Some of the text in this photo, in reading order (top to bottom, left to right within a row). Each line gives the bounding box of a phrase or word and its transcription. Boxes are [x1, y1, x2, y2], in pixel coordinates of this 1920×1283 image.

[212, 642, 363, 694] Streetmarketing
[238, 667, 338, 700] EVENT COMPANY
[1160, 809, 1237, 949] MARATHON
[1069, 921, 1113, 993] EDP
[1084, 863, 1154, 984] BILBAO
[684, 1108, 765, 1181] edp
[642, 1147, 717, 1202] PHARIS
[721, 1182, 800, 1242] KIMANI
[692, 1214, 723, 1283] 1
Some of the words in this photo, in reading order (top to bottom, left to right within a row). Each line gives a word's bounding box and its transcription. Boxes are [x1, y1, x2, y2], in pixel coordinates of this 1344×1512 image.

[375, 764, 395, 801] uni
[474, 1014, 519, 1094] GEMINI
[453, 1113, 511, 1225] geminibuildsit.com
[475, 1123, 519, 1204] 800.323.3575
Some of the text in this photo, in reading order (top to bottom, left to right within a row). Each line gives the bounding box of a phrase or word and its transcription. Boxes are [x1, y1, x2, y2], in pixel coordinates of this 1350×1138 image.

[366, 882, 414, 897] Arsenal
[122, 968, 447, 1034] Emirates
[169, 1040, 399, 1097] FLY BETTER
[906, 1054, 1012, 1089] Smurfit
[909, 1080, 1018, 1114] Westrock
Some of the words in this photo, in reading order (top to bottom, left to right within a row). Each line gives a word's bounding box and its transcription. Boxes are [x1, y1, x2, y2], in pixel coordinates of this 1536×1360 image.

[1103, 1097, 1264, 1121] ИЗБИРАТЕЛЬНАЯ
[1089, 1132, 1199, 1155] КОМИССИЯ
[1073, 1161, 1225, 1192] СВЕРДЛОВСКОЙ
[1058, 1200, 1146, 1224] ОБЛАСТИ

Work instructions: Working from the listing above, give it again word for word.

Task result:
Some of the text in this photo, in reading order (top to bottom, left to right within a row). Each line gives the bounding box of a phrase or word and its transcription. Boxes are [x1, y1, x2, y2], in pixel coordinates of this 1920×1283 image.

[212, 642, 363, 694] Streetmarketing
[238, 667, 338, 700] EVENT COMPANY
[1160, 809, 1237, 949] MARATHON
[1069, 921, 1113, 993] EDP
[1084, 863, 1154, 984] BILBAO
[684, 1108, 765, 1181] edp
[642, 1147, 717, 1202] PHARIS
[721, 1182, 800, 1242] KIMANI
[692, 1214, 723, 1283] 1
Some of the words in this photo, in reading order (top to bottom, left to right within a row). Each line gives a word's bounding box and its transcription. Boxes are [x1, y1, x2, y2], in pixel coordinates of this 1344×1512 image.

[375, 764, 395, 801] uni
[474, 1014, 519, 1094] GEMINI
[453, 1113, 511, 1225] geminibuildsit.com
[475, 1123, 519, 1204] 800.323.3575
Some of the text in this photo, in reading order (top to bottom, left to right within a row). Each line gives the bounding box of a phrase or word and its transcription. Boxes are [x1, y1, x2, y2], in pixel coordinates of this 1350×1138 image.

[366, 882, 414, 897] Arsenal
[122, 968, 447, 1034] Emirates
[169, 1040, 399, 1097] FLY BETTER
[906, 1054, 1012, 1089] Smurfit
[909, 1080, 1018, 1114] Westrock
Some of the words in this photo, in reading order (top to bottom, left to right within a row). Each line gives a word's bounding box and its transcription. Boxes are [x1, y1, x2, y2], in pixel coordinates of this 1536×1360 image.

[1103, 1097, 1264, 1121] ИЗБИРАТЕЛЬНАЯ
[1089, 1132, 1199, 1155] КОМИССИЯ
[1073, 1161, 1225, 1192] СВЕРДЛОВСКОЙ
[1058, 1200, 1146, 1224] ОБЛАСТИ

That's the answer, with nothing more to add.